И в этом плане Атнанта не ошибся насчёт своего хорошего знакомого. И как только Атнанта от него отошёл, то тот сразу же перехотел быть хорошим, а вот бесконечно злющим и желчным, то тут без вариантов. Правда Атнанта уже скрылся, и его хорошему знакомому в одном смысле и крайне нехорошему в другом, – человек во всём двояк, – только и остаётся, как посетовать на свою нерасторопность, которая всё равно будет чем-то компенсирована и этому улыбчивому типу, больше уж точно не придётся улыбаться. С чем этот хороший знакомый Атнанты и заходит туда, куда он шёл.

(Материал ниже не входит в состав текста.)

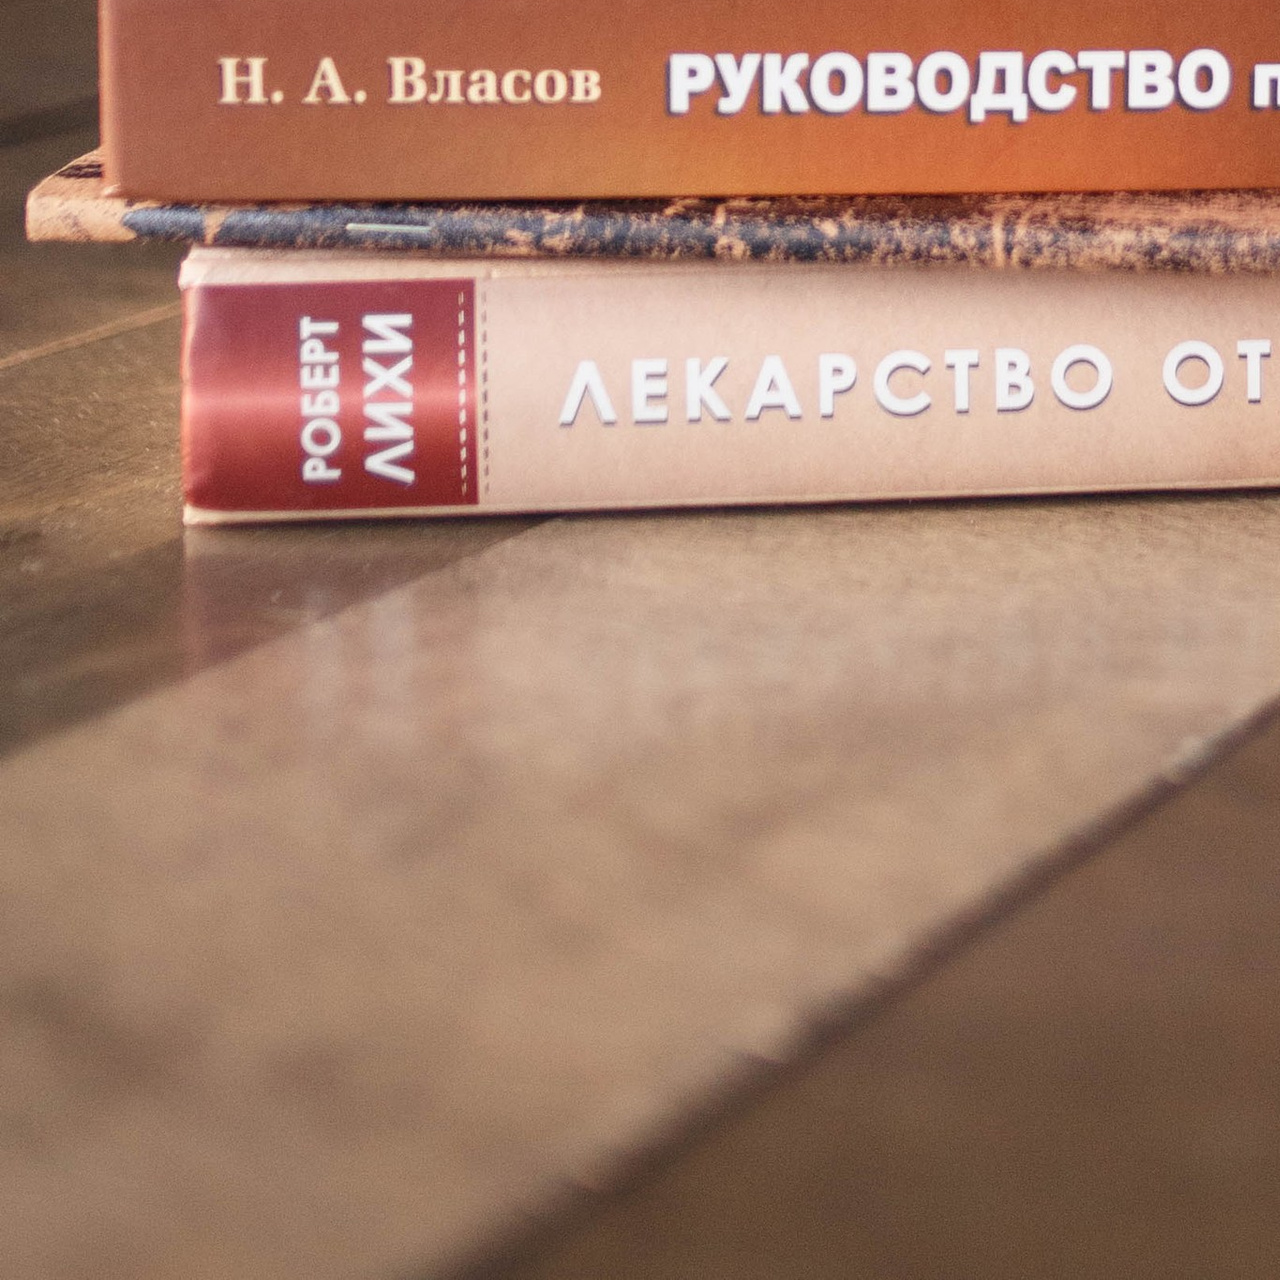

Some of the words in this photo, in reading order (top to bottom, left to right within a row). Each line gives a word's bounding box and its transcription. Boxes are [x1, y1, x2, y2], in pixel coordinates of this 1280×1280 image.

[217, 56, 285, 104] Н.
[302, 56, 368, 104] А.
[386, 56, 603, 104] Власов
[667, 48, 1231, 123] РУКОВОДСТВО
[300, 315, 342, 484] РОБЕРТ
[362, 312, 416, 485] ЛИХИ
[558, 343, 1115, 428] ЛЕКАРСТВО
[1161, 339, 1272, 406] ОТ

Оставшийся же внутри туалета Мистер президент, как только обнаружил, что он опять находится в одиночестве, и при этом уже у мойки, напротив своего изображения в зеркале, в удивлении сам себе в зеркало посетовал на такое дело, что уже и перестаёшь замечать, как перемещаешься в пространстве. – Да, мысленная деятельность удивительная штука. – Открыв кран, рассудил Мистер президент. – С помощью её ты может преодолевать не только все доступные разуму мысленные пространства, но она без соответствующего с твоей стороны контроля, вполне способна тебя переместить, куда ей захочется. Вот сейчас, я не отдавал команды на моё перемещение, и кто спрашивается, тогда меня сюда перевёл? – Но Мистер президент дальше этого вопроса не пошёл, а всё потому, что в проёме дверей появился второй претендент за вакантное место генерального прокурора.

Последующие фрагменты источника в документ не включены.